▶ WHAT IS BEING ASKED:
Please set down each record exactly as it appears, but leave out any pictures.

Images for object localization
=== Section Start ===

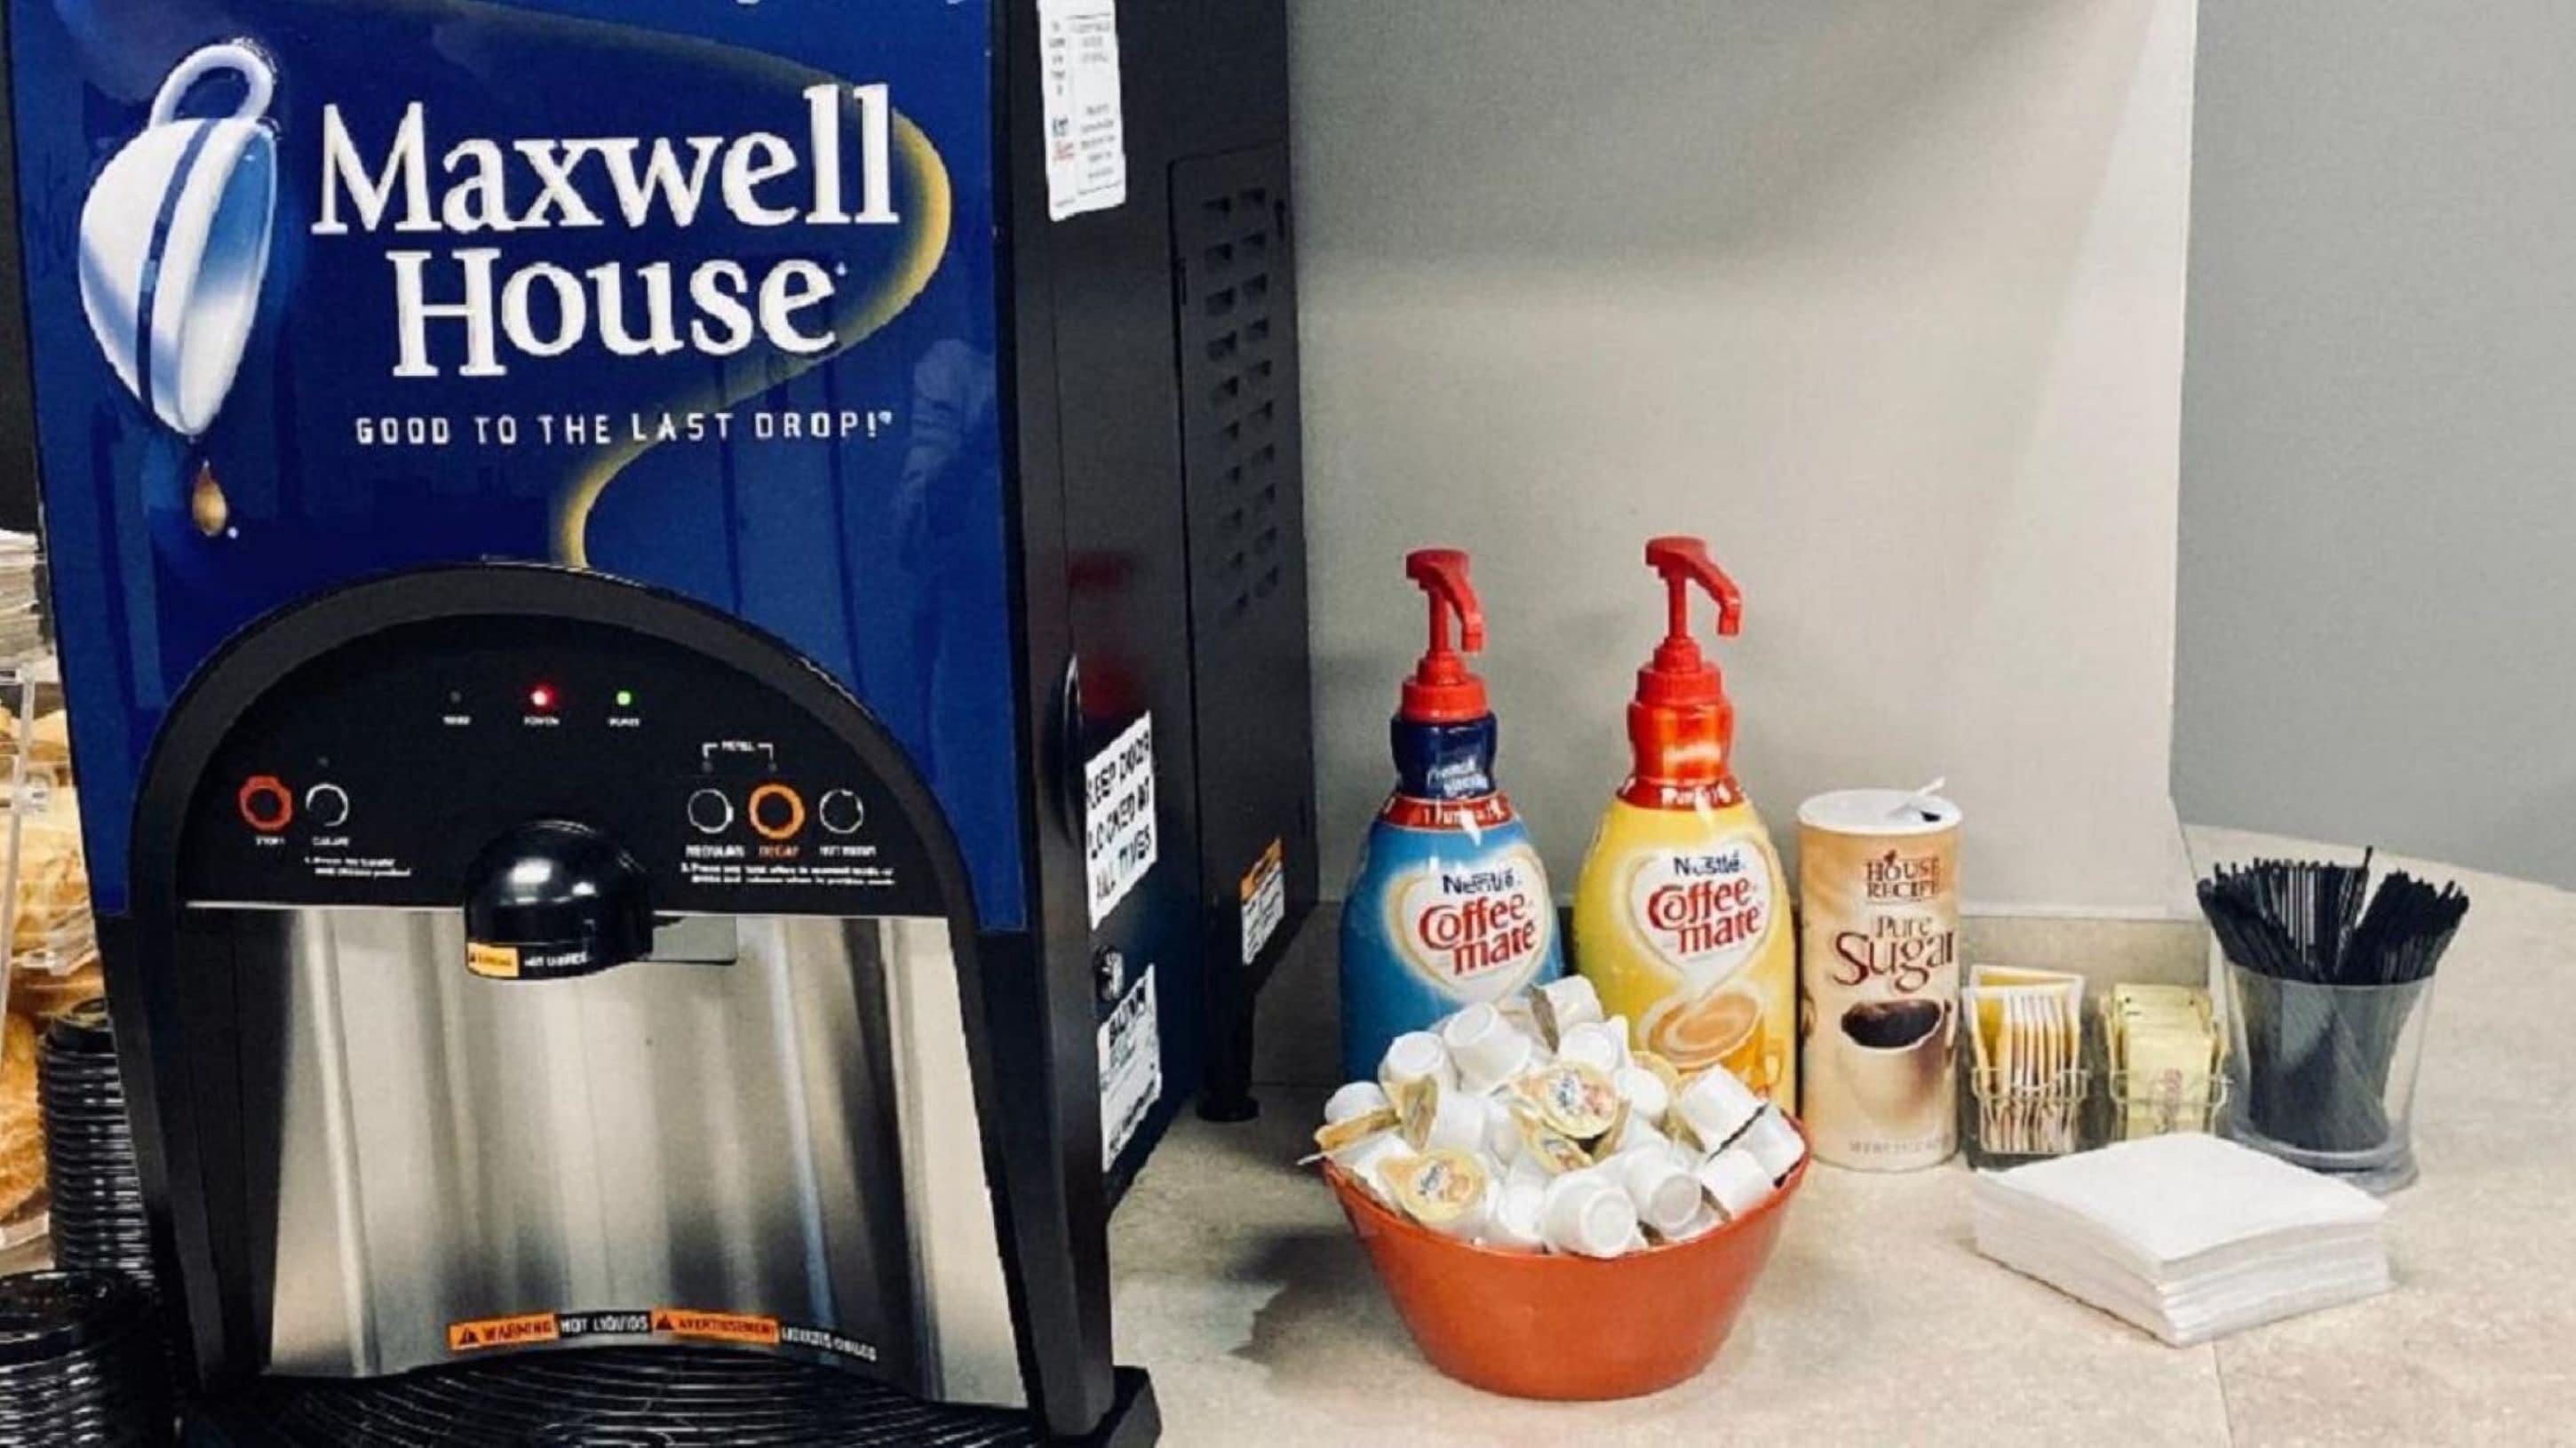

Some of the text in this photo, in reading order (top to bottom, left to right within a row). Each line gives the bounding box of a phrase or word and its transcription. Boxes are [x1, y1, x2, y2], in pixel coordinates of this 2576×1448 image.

[311, 84, 900, 235] Maxwell
[386, 247, 838, 378] House
[355, 415, 451, 445] GOOD
[475, 415, 518, 445] TO
[542, 413, 611, 443] THE
[632, 411, 735, 442] LAST
[1866, 856, 1940, 883] HOUSE
[1420, 894, 1526, 951] Coffee
[1648, 877, 1752, 930] Coffee
[1875, 915, 1933, 940] Pure
[1453, 922, 1537, 975] mate
[1678, 908, 1761, 955] mate
[1833, 930, 1954, 994] Sugar
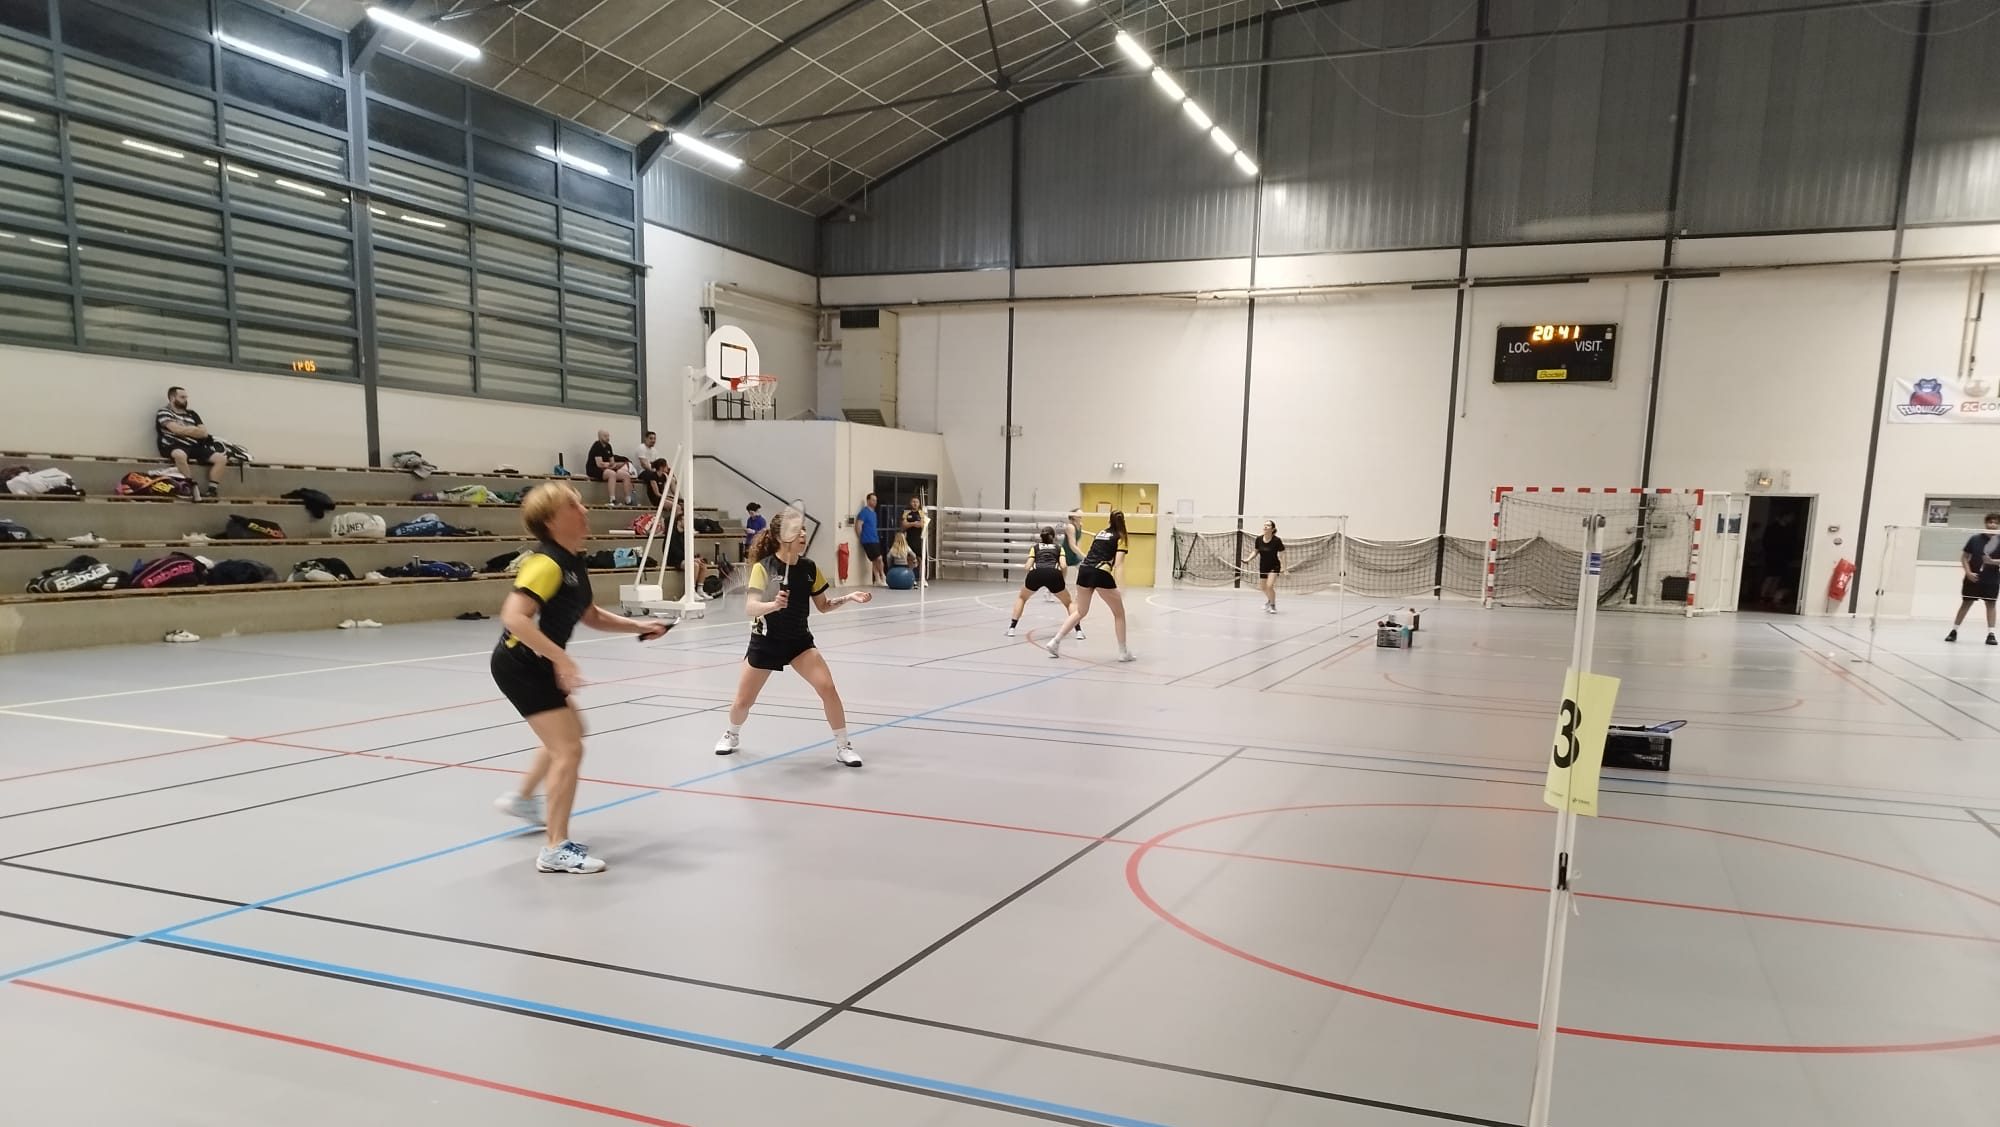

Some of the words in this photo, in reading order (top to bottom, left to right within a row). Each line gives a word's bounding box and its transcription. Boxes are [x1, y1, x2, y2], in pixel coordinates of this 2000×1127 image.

=== Section End ===

▶ SOLVED EXERCISE:
Some of the text in this photo, in reading order (top to bottom, left to right within a row). Each line gives the bounding box of a phrase or word and its transcription. Boxes are [x1, y1, x2, y2], in pixel coordinates of this 2576×1448 image.

[311, 84, 900, 235] Maxwell
[386, 247, 838, 378] House
[355, 415, 451, 445] GOOD
[475, 415, 518, 445] TO
[542, 413, 611, 443] THE
[632, 411, 735, 442] LAST
[1866, 856, 1940, 883] HOUSE
[1420, 894, 1526, 951] Coffee
[1648, 877, 1752, 930] Coffee
[1875, 915, 1933, 940] Pure
[1453, 922, 1537, 975] mate
[1678, 908, 1761, 955] mate
[1833, 930, 1954, 994] Sugar

Some of the words in this photo, in reading order (top to bottom, left to right within a row). Each line gives a word's bounding box and its transcription. Boxes are [x1, y1, x2, y2], in pixel coordinates of this 2000×1127 image.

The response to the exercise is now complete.